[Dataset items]
- Opening Delimiter -

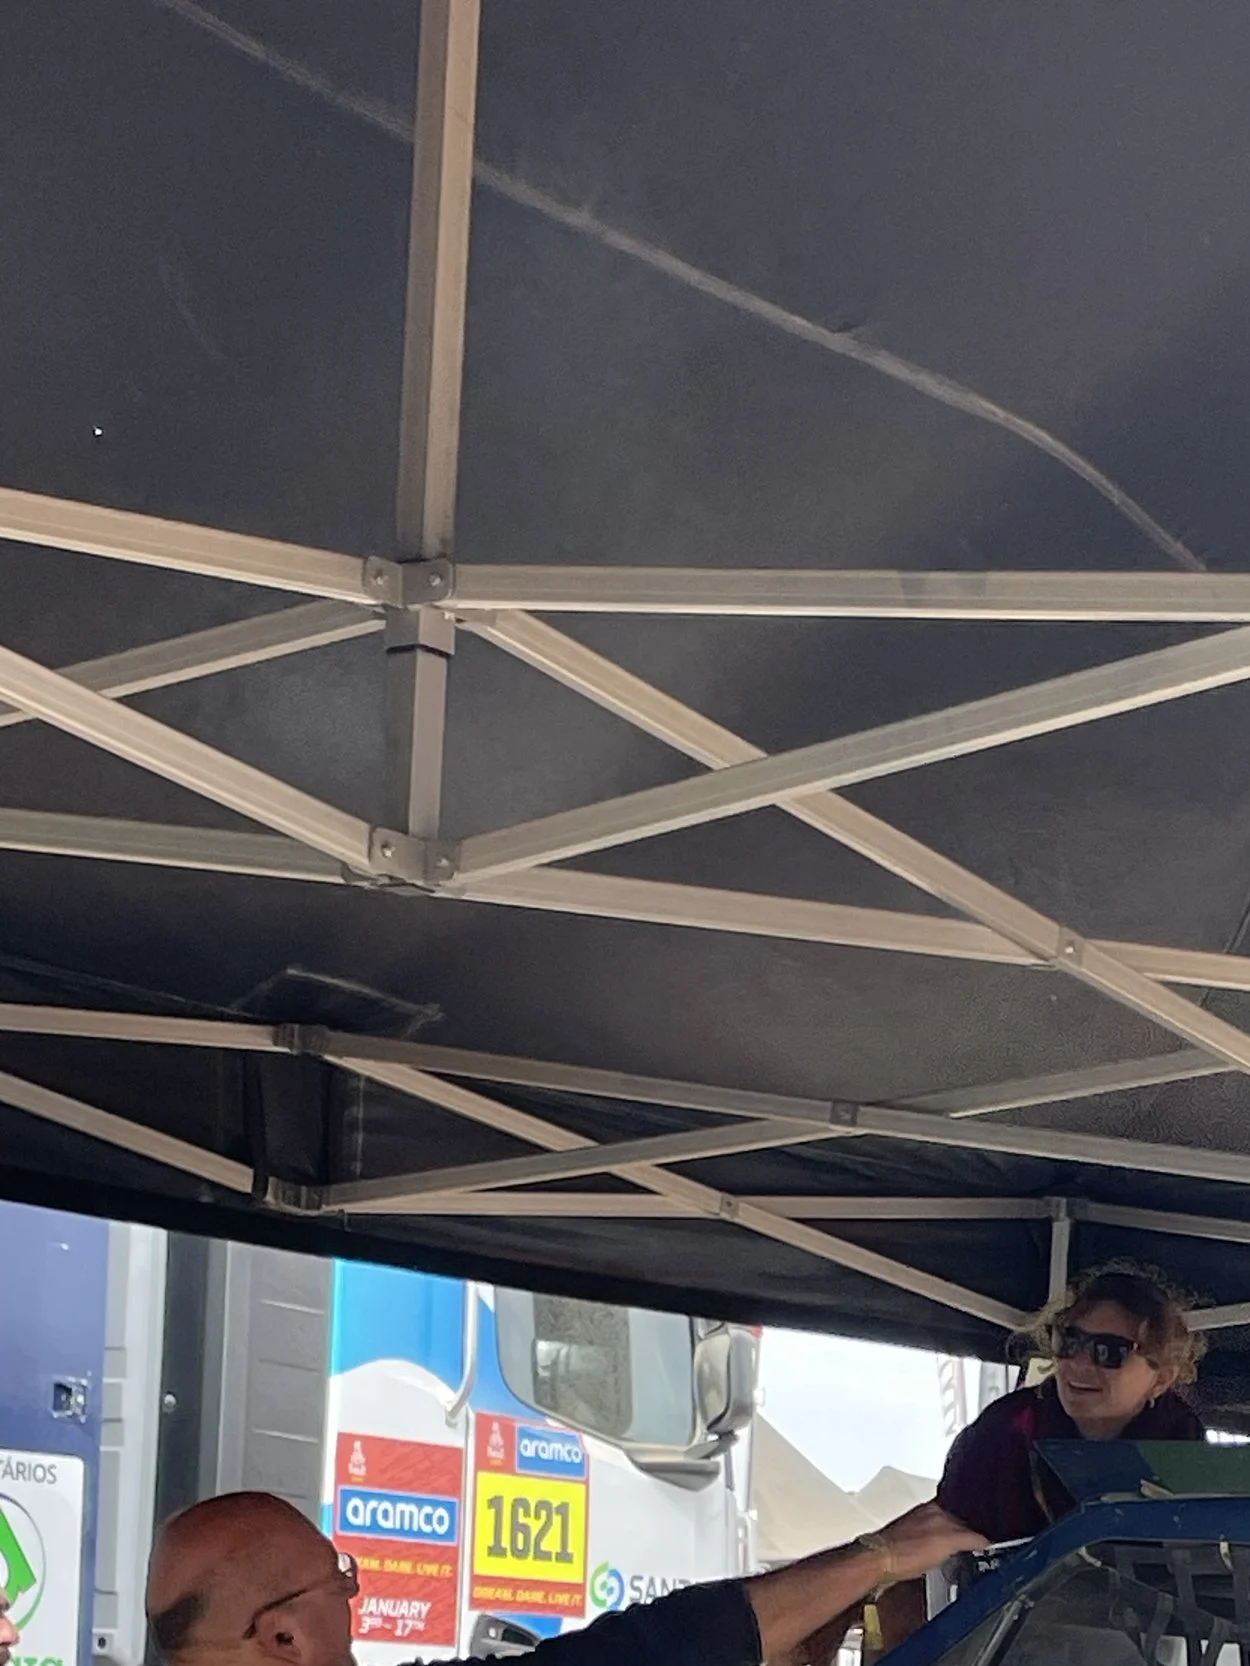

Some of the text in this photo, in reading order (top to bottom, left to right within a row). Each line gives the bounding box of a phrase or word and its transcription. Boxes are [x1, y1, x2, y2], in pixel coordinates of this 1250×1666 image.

[519, 1436, 583, 1464] aramco
[0, 1456, 58, 1485] ÁRIOS
[346, 1497, 450, 1535] aramco
[486, 1495, 574, 1564] 1621
[629, 1574, 692, 1605] SAN
[358, 1597, 432, 1619] JANUARY
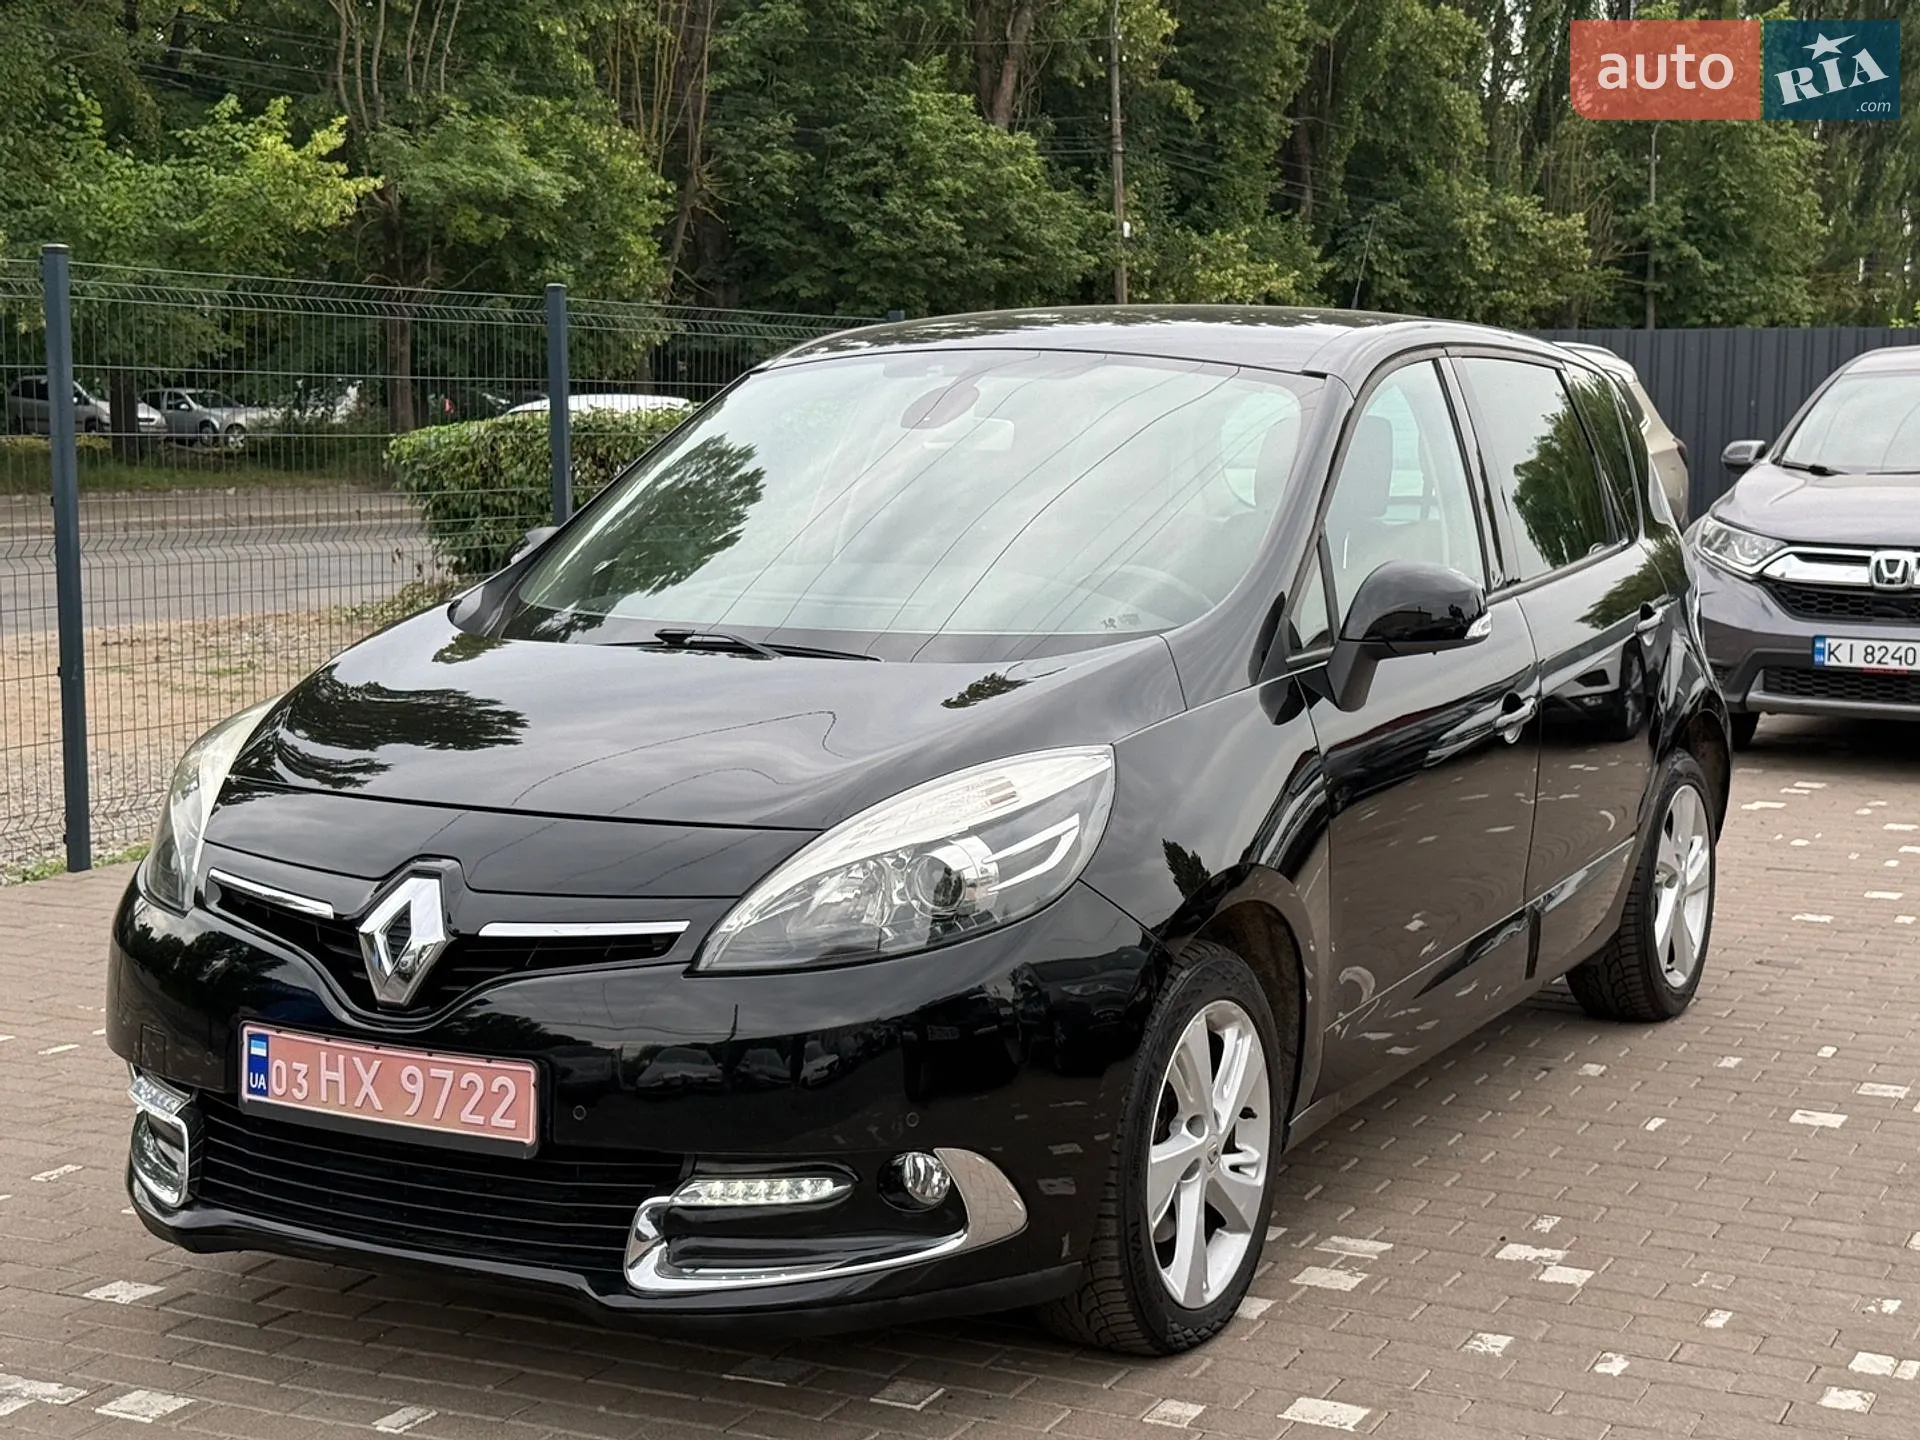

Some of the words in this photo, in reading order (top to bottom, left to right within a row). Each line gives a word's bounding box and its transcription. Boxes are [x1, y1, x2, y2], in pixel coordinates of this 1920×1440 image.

[1863, 644, 1917, 667] 8240
[250, 1071, 267, 1090] UA
[271, 1059, 309, 1100] 03
[319, 1051, 384, 1112] HX
[400, 1064, 517, 1129] 9722
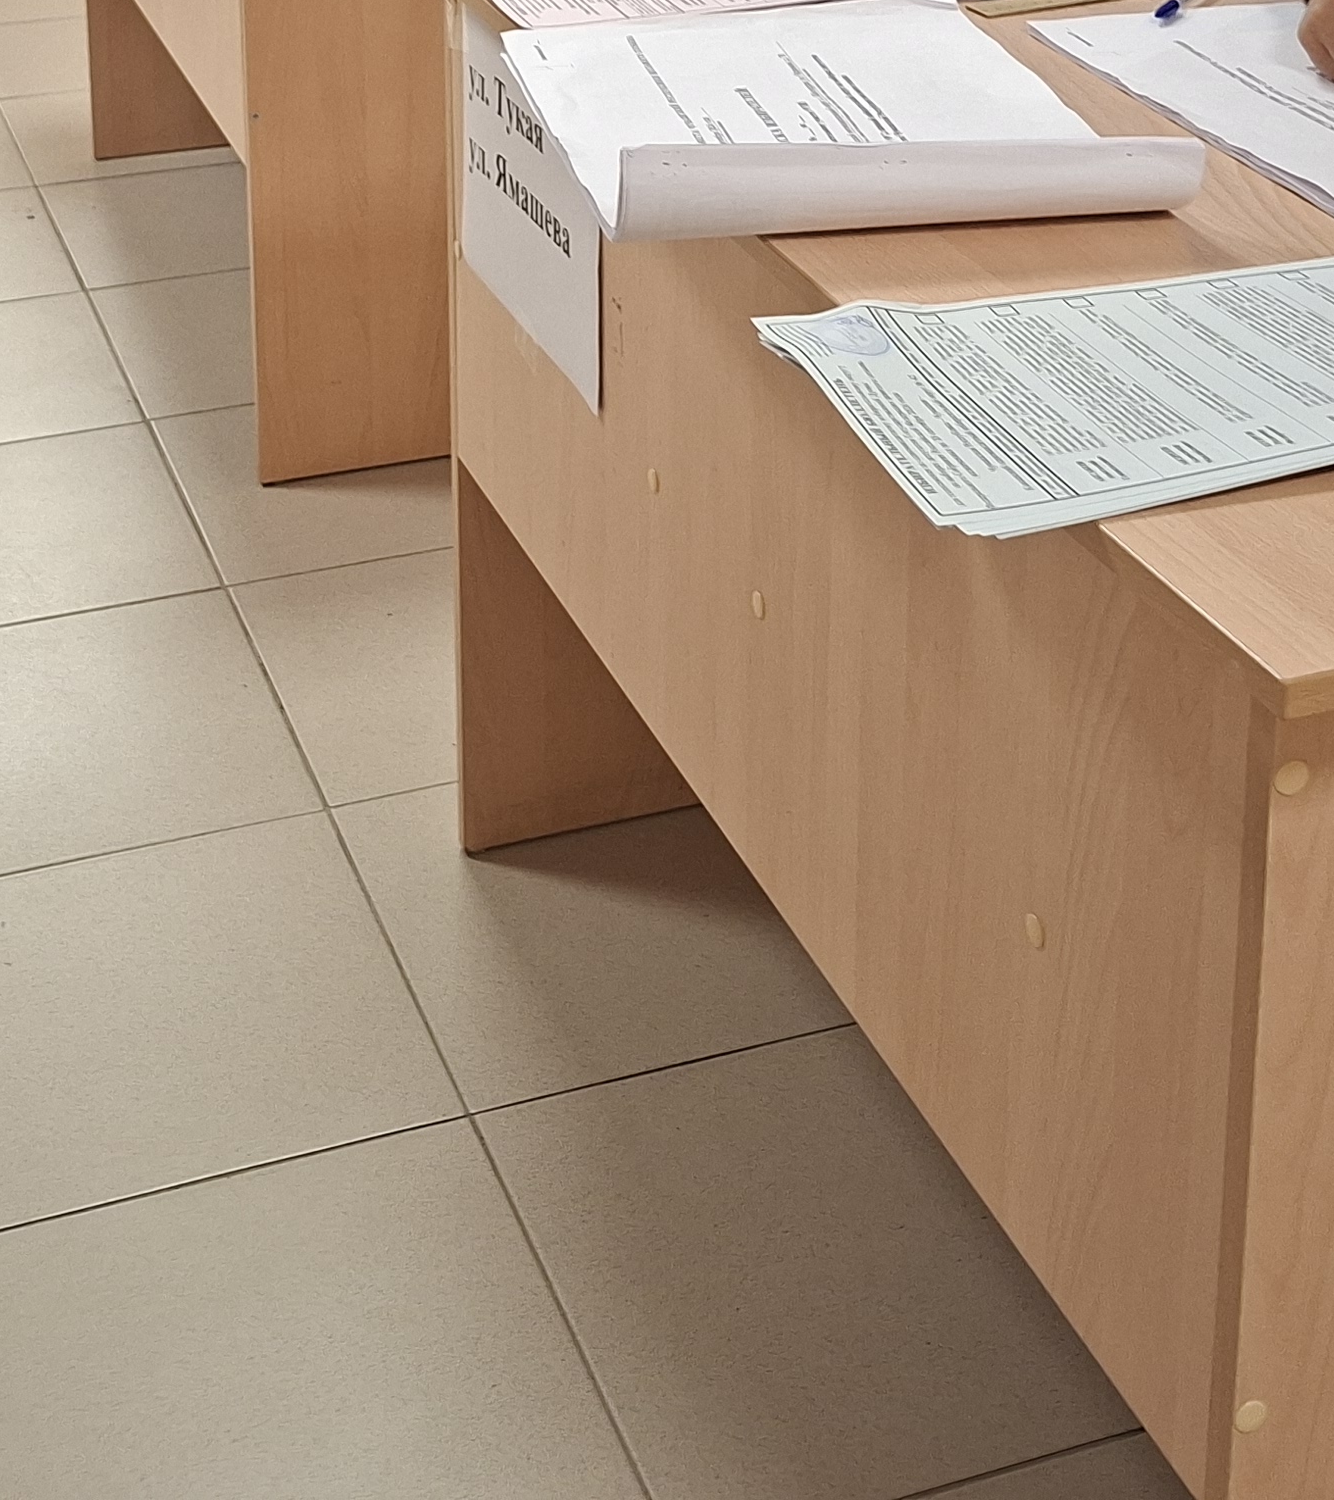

- Closing Delimiter -

▶ **Work item**
Print every record above exactly as written, leaving out the pictures.

▶ **Your response**
Some of the text in this photo, in reading order (top to bottom, left to right within a row). Each line gives the bounding box of a phrase or word and its transcription. Boxes are [x1, y1, x2, y2], in pixel coordinates of this 1250×1666 image.

[519, 1436, 583, 1464] aramco
[0, 1456, 58, 1485] ÁRIOS
[346, 1497, 450, 1535] aramco
[486, 1495, 574, 1564] 1621
[629, 1574, 692, 1605] SAN
[358, 1597, 432, 1619] JANUARY

Some of the words in this photo, in reading order (top to bottom, left to right within a row). Each line gives a word's bounding box and its transcription. Boxes are [x1, y1, x2, y2], in pixel coordinates of this 1920×1440 image.

[1863, 644, 1917, 667] 8240
[250, 1071, 267, 1090] UA
[271, 1059, 309, 1100] 03
[319, 1051, 384, 1112] HX
[400, 1064, 517, 1129] 9722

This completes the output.